Tuesday, May 26

William Zou: UCLA Housing could improve move-in, move-out waste disposal systems

(Rachel Zhu/Daily Bruin)

UCLA is known for its campuswide commitment to sustainability and waste management. But the volume of garbage left behind in the hallways of student dorms and apartments at the end of the year counters that message.

The end of an academic year is usually accompanied by a blissful sense of relief that summer has arrived. However, this relief is often converted into panicked frustration as thousands of students struggle to move out. And with so much to pack and move around in so little time, inappropriate waste disposal methods become the only solution for students desperate to leave on time.

UCLA Housing needs to ensure students can move out – and consequently move in – comfortably while making the housing staff’s jobs easier and respecting the campus’ Zero Waste Initiative, which sets a campus goal of having zero landfill waste by 2020. To do this, UCLA Housing needs to arrange more donation boxes to collect clothes and discarded household items; more recycling boxes for old books, papers and notes; and post clearer signage to streamline the process of moving in and out.

At UCLA, there are only 10 days between the end of the 2018 spring quarter and the start of the first summer session. During this period, housing staff must undergo the herculean task of cleaning out thousands of dorm rooms so summer students do not have to live with a year of rubbish the former occupants left behind.

And UCLA has data to show the negative effects of this. The campus produced close to 9,000 tons of landfill waste in the 2014-2015 fiscal year, and saw landfill waste spikes particularly in its October and June periods, signaling the impact of moving in and moving out.

It seems that careful waste management goes out the window when students move out, in part because of the lack of recycling and trash segregation options or limited advertising for the residential halls’ donation boxes.

Claudia Perez, a fourth-year statistics student, said she thinks lack of signage contributes to the mess of move-in and move-out periods.

“I saw a lot of recyclable items in the trash chutes, Perez said. “One thing that could help are flashy signs to remind (students) to recycle and handle their waste better.”

The same can also be said of UCLA’s apartments.

“I feel bad for the housing staff who have to handle all the boxes, papers and small items because they don’t fit in the trash chutes,” said Neil D’Silva, a fourth-year molecular, cell and developmental biology student. “For the entire first week, there are mountains of trash (around the apartments).”

It’s clear the lack of resources – and lack of signage – to help students dispose of garbage during move-out not only makes it difficult for them to handle their excess personal belongings, but also makes it more difficult for the housing staff to maintain the buildings after move-out.

Other universities have some compelling solutions to this, though. Some have enacted donation programs encouraging students to give away instead of throw away.

In 2009, DePauw University in Indiana started a donation program that provides local low-income families with items like books and mattresses from students moving out. The program benefited more than 100 families in 2015 while reducing the amount of waste produced during move-out day. Universities such as Harvard and Northwestern have similar “take it or leave it” programs in which students are given boxes to place their small household items to give to donation centers.
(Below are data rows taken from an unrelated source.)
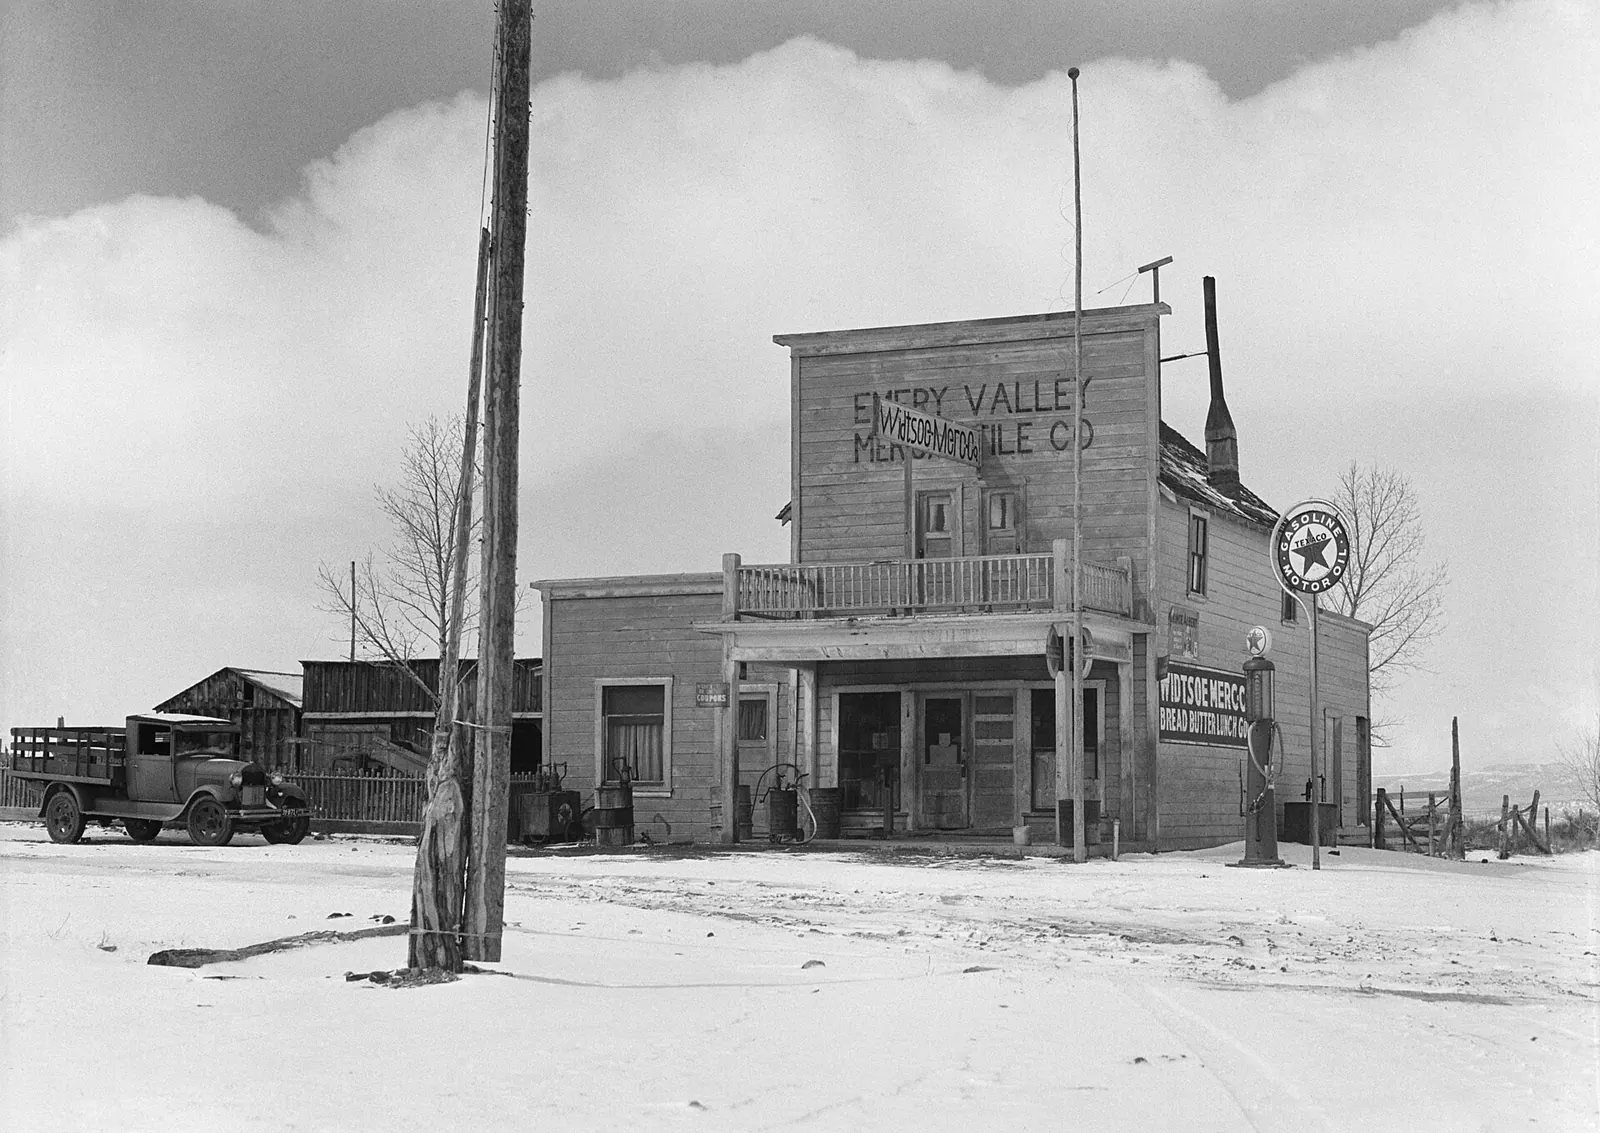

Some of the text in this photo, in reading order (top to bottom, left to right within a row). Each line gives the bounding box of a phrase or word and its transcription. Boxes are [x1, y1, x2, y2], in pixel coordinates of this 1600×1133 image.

[854, 376, 1092, 424] ERY VALLEY
[1281, 513, 1342, 551] GASOLINE
[1294, 533, 1327, 548] TEXACO
[1283, 548, 1347, 591] MOTOR OIL
[1160, 672, 1208, 707] WIDTSOE
[1160, 707, 1187, 732] BREAD
[1189, 710, 1216, 735] BUTTER
[1217, 713, 1238, 737] LUNCH
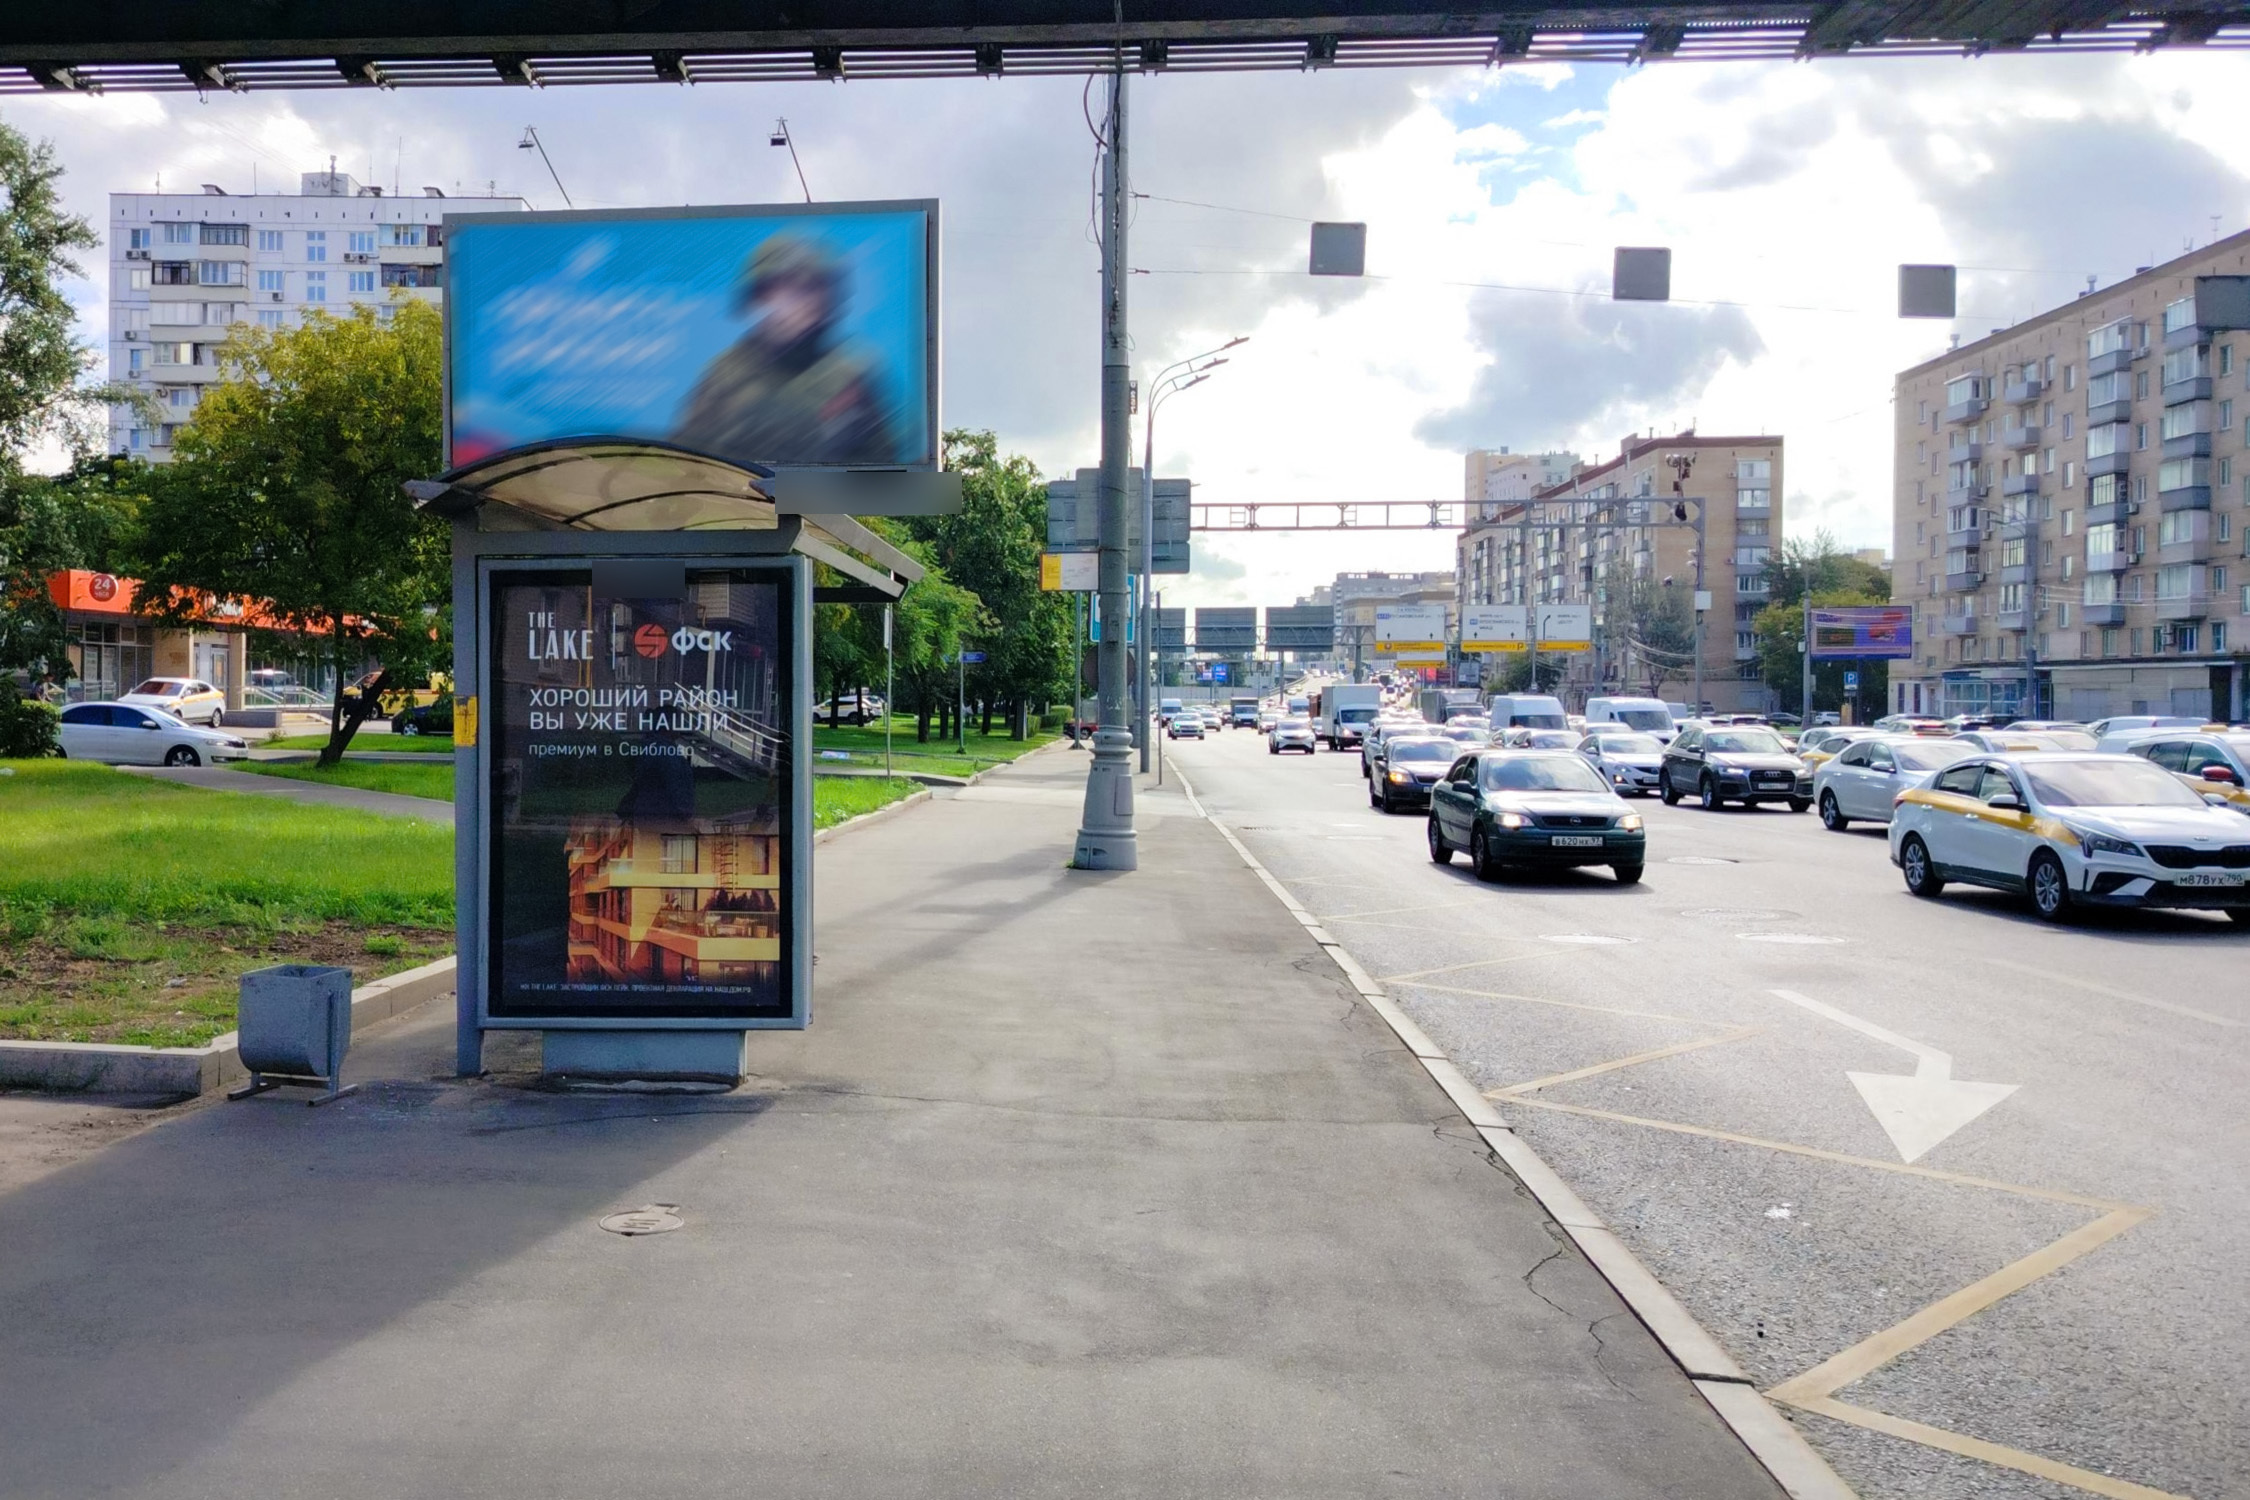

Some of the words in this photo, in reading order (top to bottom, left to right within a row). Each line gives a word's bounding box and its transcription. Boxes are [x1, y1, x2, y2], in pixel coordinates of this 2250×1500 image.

[94, 578, 111, 590] 24
[528, 612, 555, 628] THE
[528, 629, 594, 660] LAKE
[529, 684, 648, 707] ХОРОШИЙ
[659, 684, 738, 707] РАЙОН
[530, 711, 564, 730] ВЫ
[575, 711, 628, 730] УЖЕ
[638, 712, 728, 731] НАШЛИ
[528, 744, 597, 759] премиум
[603, 745, 613, 756] в
[618, 741, 695, 757] Свиблово
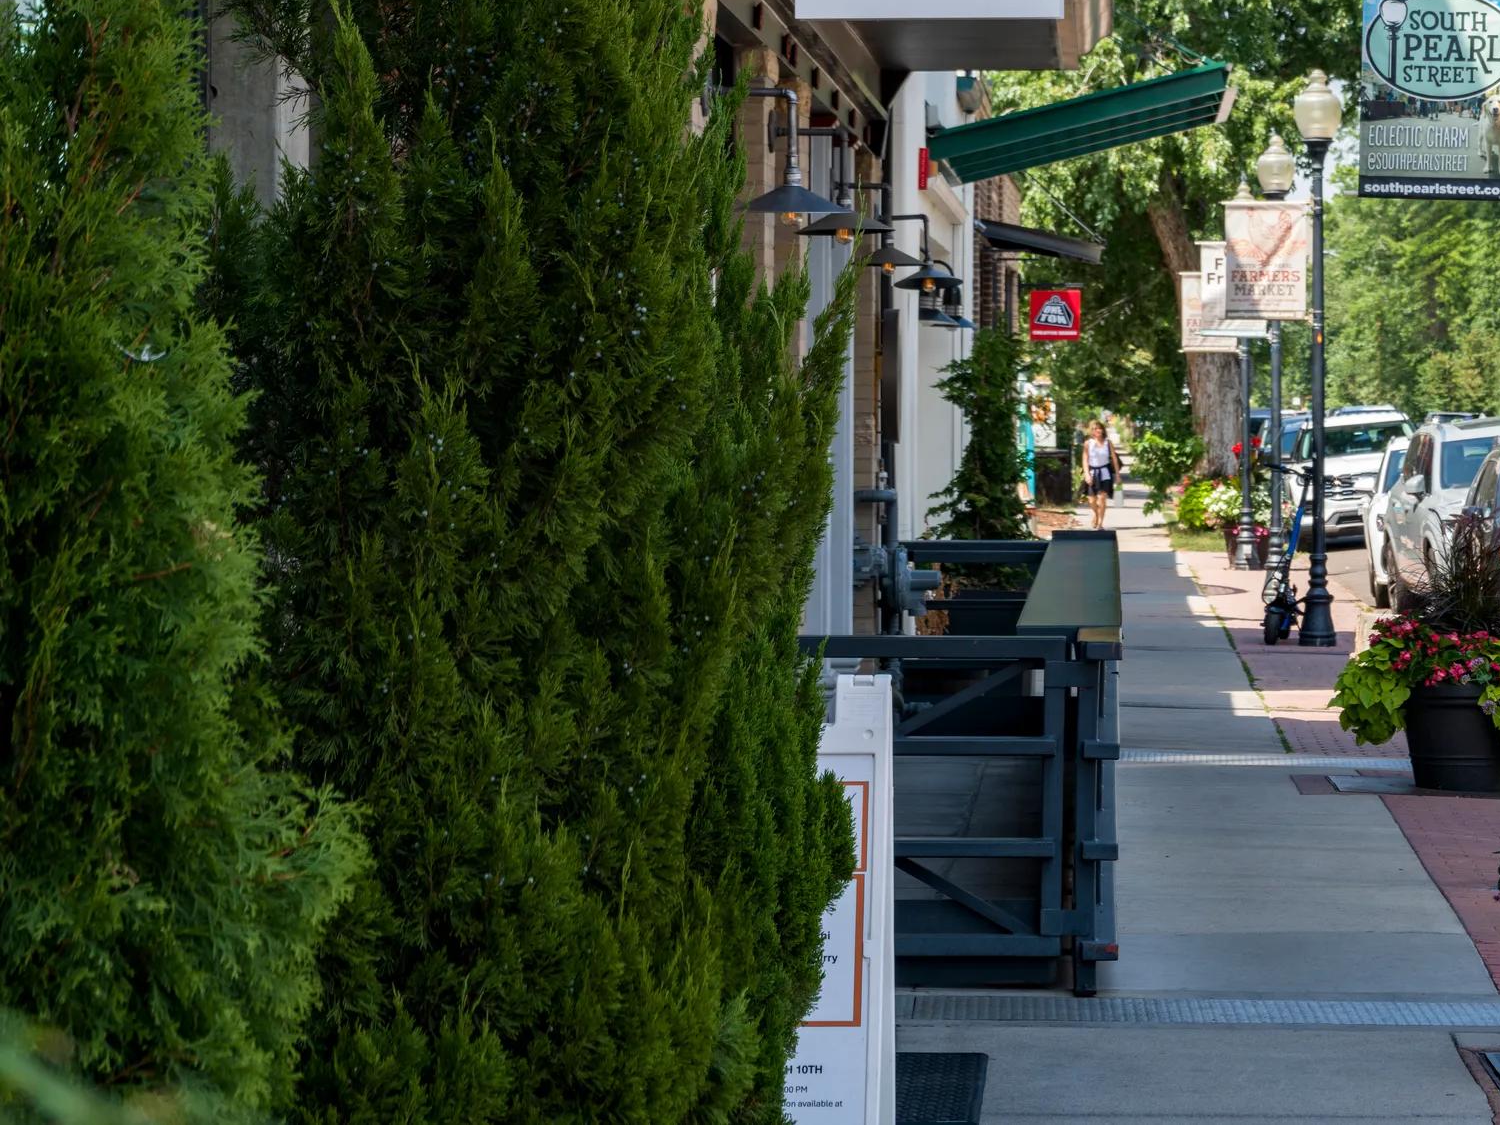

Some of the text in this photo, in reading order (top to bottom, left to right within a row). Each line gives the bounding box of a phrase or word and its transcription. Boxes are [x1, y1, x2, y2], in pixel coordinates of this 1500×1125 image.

[1409, 9, 1488, 32] SOUTH
[1403, 64, 1479, 87] STREET
[1368, 124, 1469, 148] ECLECTIC CHARM
[1367, 152, 1468, 172] @SOUTHPEARLSTREET
[1231, 270, 1301, 283] FARMERS
[1234, 284, 1296, 296] MARKET
[796, 1065, 823, 1075] 10TH
[795, 1086, 808, 1094] PM
[797, 1100, 834, 1108] available
[834, 1100, 843, 1108] at
UCLA should devise a similar system by expanding its donation program beyond its current form of placing just a couple of boxes on the ground floor of student dorms. Doing so, along with placing clearer signs in buildings, would allow students to easily deposit unwanted items in donation collection boxes instead of hastily dumping paper, plastics and other recyclable items together into the trash.

UCLA said in a statement that its Housing and Hospitality Services department prepares in advance for moving periods, providing extra dumpsters, donation bins and trash bags to students. The university added resident assistants inform students of these resources preceding moving periods. While UCLA Housing’s efforts have no doubt reduced waste in the moving process across the years, the fact that students continue to witness overfilled trash chutes and garbage strewn around the residences shows the campus still has room for improvement when it comes to making its housing transition periods cleaner.

And sure, it might seem as though improving signage and expanding the donation boxes would not have much of an effect on students’ move-in and move-out habits. However, these improvements can easily be paired with more extensive efforts to inform students of these resources, such as through staff telling students during move-in and move-out periods.

UCLA is a surprisingly sustainable campus despite its massive student population. It is time we bring move-in and move-out weekend up to the standards of other weeks on campus.